A group of researchers from the Qatar Foundation reported on the first and largest study of genetic associations in the Middle East, which was published online in Nature Communications – the leading peer-reviewed open access scientific journal published by Nature Research.
A study titled “Sequence of the entire genome in the Middle Eastern Qatari population identifies genetic associations with 45 clinically significant traits” highlights vital information in which there is now a better understanding of genetic risk factors specific to the Arab population, including those shared with other ethnic groups.
Qatar was among the first countries to launch its own major national genome project. Qatar Genome combines complete genome sequencing data with comprehensive phenotypic resources collected at Qatar Biobank and is considered the first, largest and most ambitious population project of its kind in the Middle East.
Such studies can be considered experiments conducted by nature, where natural variations found in the genomes of thousands of Qataris are associated with variations in their respective blood tests.

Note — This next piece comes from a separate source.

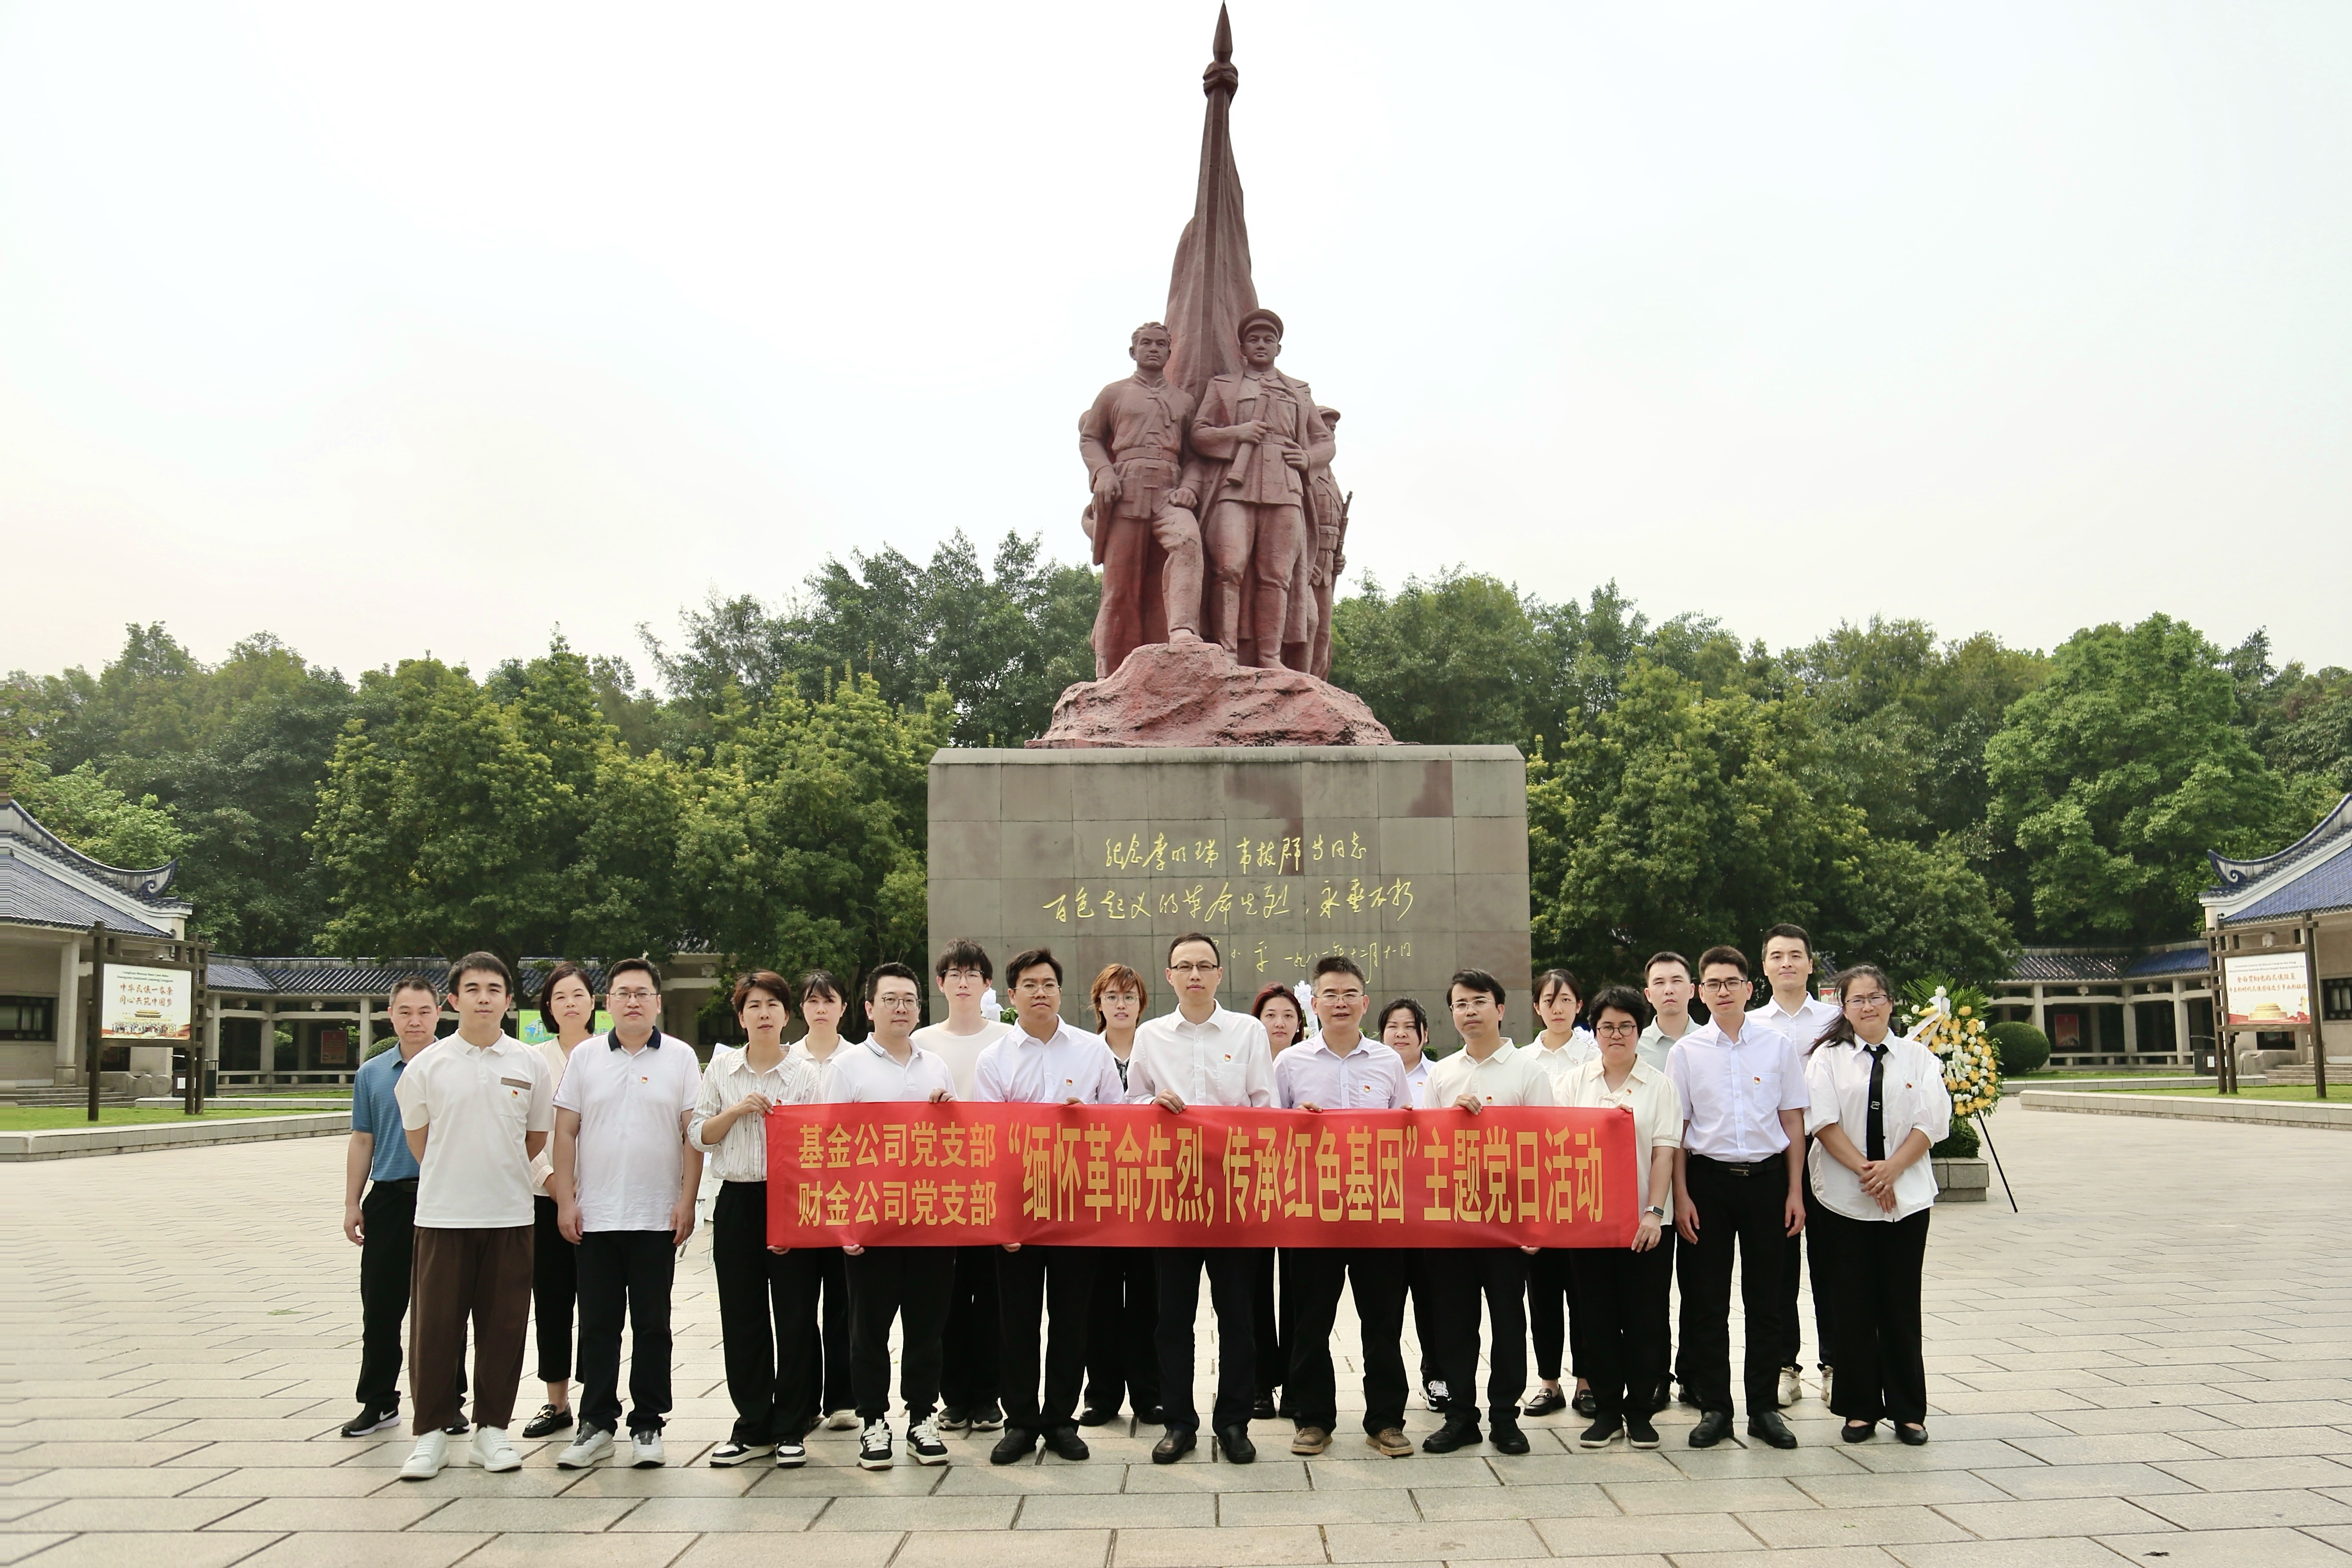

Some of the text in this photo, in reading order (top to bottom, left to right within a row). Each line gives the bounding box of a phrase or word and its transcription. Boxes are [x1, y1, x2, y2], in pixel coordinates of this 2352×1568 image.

The results of this project are publicly shared, ensuring that the specifics of the Arab genomes are taken into account in future research into new treatments and therapies.

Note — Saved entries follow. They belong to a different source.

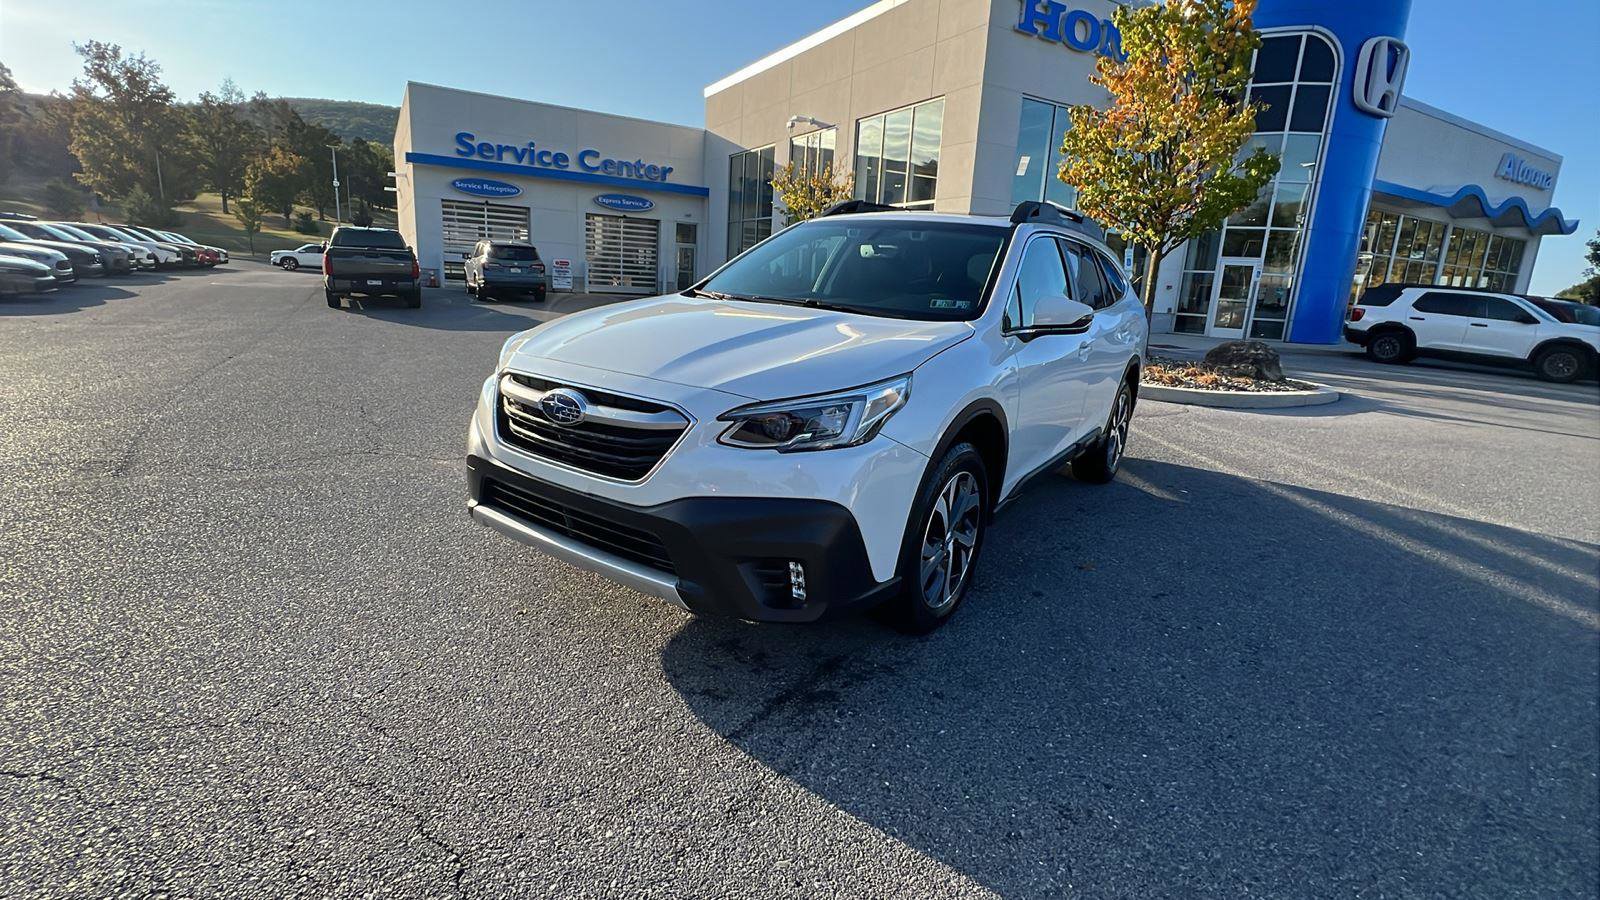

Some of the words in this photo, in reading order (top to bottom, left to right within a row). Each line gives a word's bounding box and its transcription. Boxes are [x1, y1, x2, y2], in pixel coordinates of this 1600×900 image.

[1015, 0, 1130, 63] HON
[455, 132, 569, 168] Service
[577, 150, 673, 181] Center
[1496, 152, 1554, 190] Altoona
[455, 181, 482, 191] Service
[483, 184, 518, 195] Reception
[598, 197, 620, 206] Express
[621, 198, 644, 208] Service

The study – led by researchers from the Hamad Bin Khalifa University of the Foundation (QFU) and partner university QF Weill Cornell Medicine – Qatar (WCM-Q), along with other scientists from the Qatar Genome Research Consortium – includes over 6,000 Qatari individuals with data on the entire genome.
By performing detailed estimates of genetic variants throughout the genome in 6,218 individuals, including data from 45 clinically significant traits, this study identified about 300 independent genetic signals. Some of these signals are predominantly found in the Qatari population. This observation was then confirmed in a further 7,768 respondents from QF’s Qatar Biobank.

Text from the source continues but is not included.